I had never heard of anxiety or panic attacks until months after I'd starting having them. And, truth be told, it is really hard to describe it to someone who has never experienced it for themselves. Before I had a panic attack, if someone had told me about it before I experienced it, I would have laughed and figured only people on drugs or people with serious mental issues had them. Normal people don't have those, and of course, *I'd* never experience anything like that..right?
Panic Attack at the Office
My first panic attack happened while I was working. I worked at a large firm in an office made mostly of cubicles. The company was, and still is, known as being one of the best places to work in the city. The offices/ cubes are clean and well lit, and people actually like going to work there. I liked going to work there.
I had just started working there maybe a few months before, and I was well accepted there. While my work life was going well, my home life was not; my husband and I were having difficulties. I was sitting in my cube, busily typing away with my mind about a thousand miles away from what I was actually doing. And then, I had a thought about divorce and
I felt the kind of fear you'd feel if you stumbled between a Mama bear and her cubs and were afraid for your life. My body wanted to run as fast it could. My body shook uncontrollably as I tried desperately to stay still and not make a fool out of myself in the middle of a busy office space. I was sweating and breathing like I had just run several miles and my heart felt like a hammer pounding up in my throat. And it was immediate...from 0 to full speed in 2 seconds. It took all I had not to run screaming from the building.
"I Must Be Crazy..."
I remember I felt like the two sides of my brain were arguing over which side should take control. The right side or emotional half of my brain was dumping adrenaline in my system and screaming "RUN RUN RUN! YOU'RE IN DANGER! RUN AS FAST AS YOU CAN!!" The left logical side of my brain was saying "OK eyes and ears, look and listen. Find the danger. Where is the danger. I see no danger, I hear no danger. There is no danger. Why do you feel fear when there is no danger to be found?"
And then, I remember it clearly. The left half of my brain logically put it together the only thing that made sense, "OK. There is no danger, yet you are afraid. YOU MUST BE CRAZY."

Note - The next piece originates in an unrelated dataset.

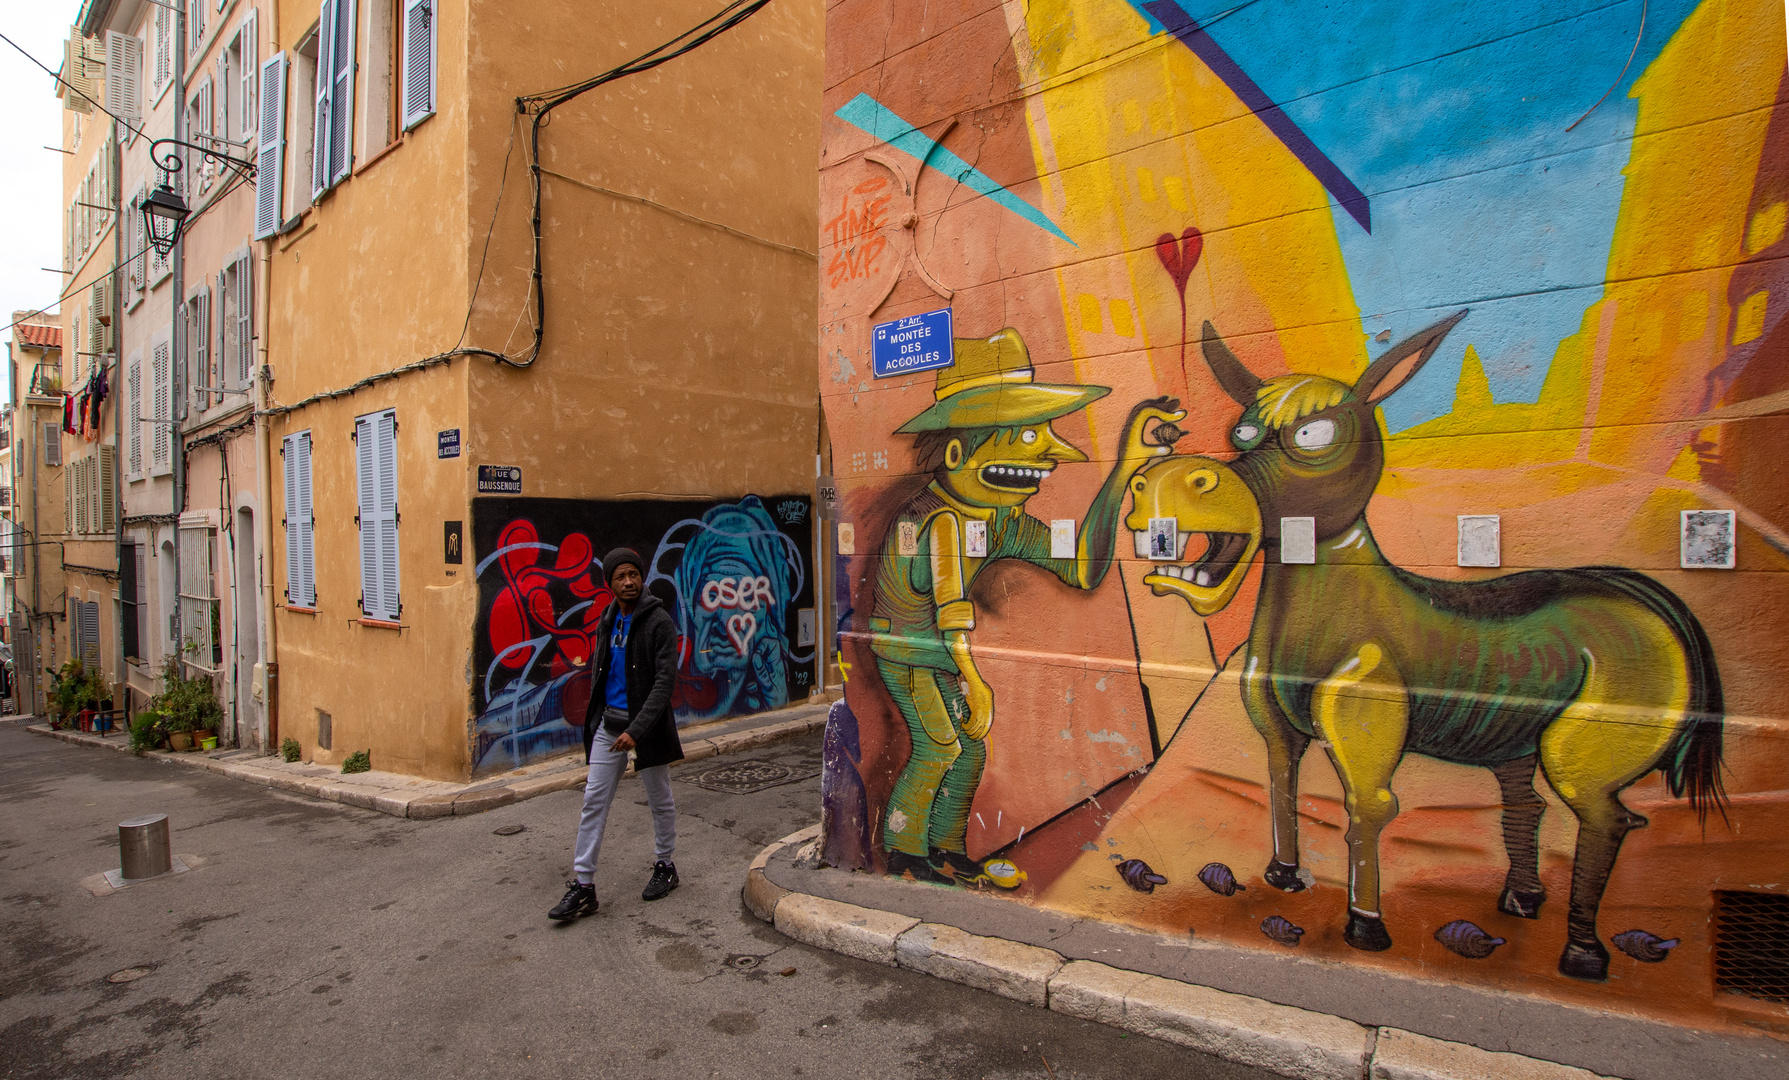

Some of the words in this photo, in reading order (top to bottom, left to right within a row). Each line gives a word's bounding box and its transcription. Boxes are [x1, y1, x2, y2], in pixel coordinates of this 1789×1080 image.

And then, I really freaked out.
I thought I was losing my mind. I thought "Oh dear God, I don't know what reality is." I looked around the office like someone who believes the world is out to get them. My mind raced as I tried to figure it out. Did I die? Was I *really* in an office building? What was happening? I couldn't stand it any longer. I ran out of my cube to the stairs to go outside. Thankfully, I held it together enough not to scream while I did it.
Once outside, I went to a grassy area and fell to my hands and knees. The ground felt good to me, and I started to calm down. My breathing and heart slowed down to almost normal, and I felt like I could think again. My head wasn't screaming at me to run away or thinking that the world was against me.
Hiding My Fear
In the months that followed, I experienced this every day and chalked it up to something I just had to deal with. Maybe I was going crazy, but by God, I was going to try to act as normal as I could so others wouldn't know about it.
A few months later when I was visiting my physician about ADHD, I mentioned that I was having difficulty sleeping -- by now I was awakened in the middle of the night by panic attacks. I told him I didn't know what was going on, that I might be losing my mind, and explained about what happened every day. I told him that maybe I was losing it, but I was really trying to keep it under control, and please don't send me to an institution.
He didn't look at me like I had two heads or send the people with white coats to drag me from the building.
He just said,"Oh. That's a panic attack. Sometimes that happens."
Panic Attacks Are Not Harmful
My Doctor changed the medication I was taking to alleviate some of the symptoms, and gave me breathing techniques to deal with a panic attack when it happened. He said most of the time, you just wait them out and breathe deeply, and the worst that could happen from a panic attack is that you faint. He assured me that I wasn't going to die and no, I wasn't having a heart attack.
I have never been so relieved in all my life. I'm wasn't going crazy, I was just having a panic attack. I could actually laugh about it.
Panic Attack Symptoms
To help you determine if you suffer from panic attacks, here are the symptoms:
1. Rapid heart beat, pounding heart or palpitations
3. Shaking visibly or inside
4. Choking sensations or lump in throat
5. Smothering or shortness of breath sensations
6. Chest pain or discomfort
7. Nausea, bloating, indigestion or abdominal discomfort
8. Dizziness or unsteadiness
9. Feeling light-headed
10. Feeling unreal or dreamy
11. Feeling outside yourself or like you don’t exist
12. Fear of losing control or going crazy
13. Numbness or tingling sensations in face, extremities or body
14. Chills or hot flushes
15. Skin losing colour
16. Blushing or skin blotches
17. Urgently needing to urinate or defecate
If you experience these, see your doctor. Usually, a panic attack is not harmful, and there are medications and/ or lifestyle changes that can help.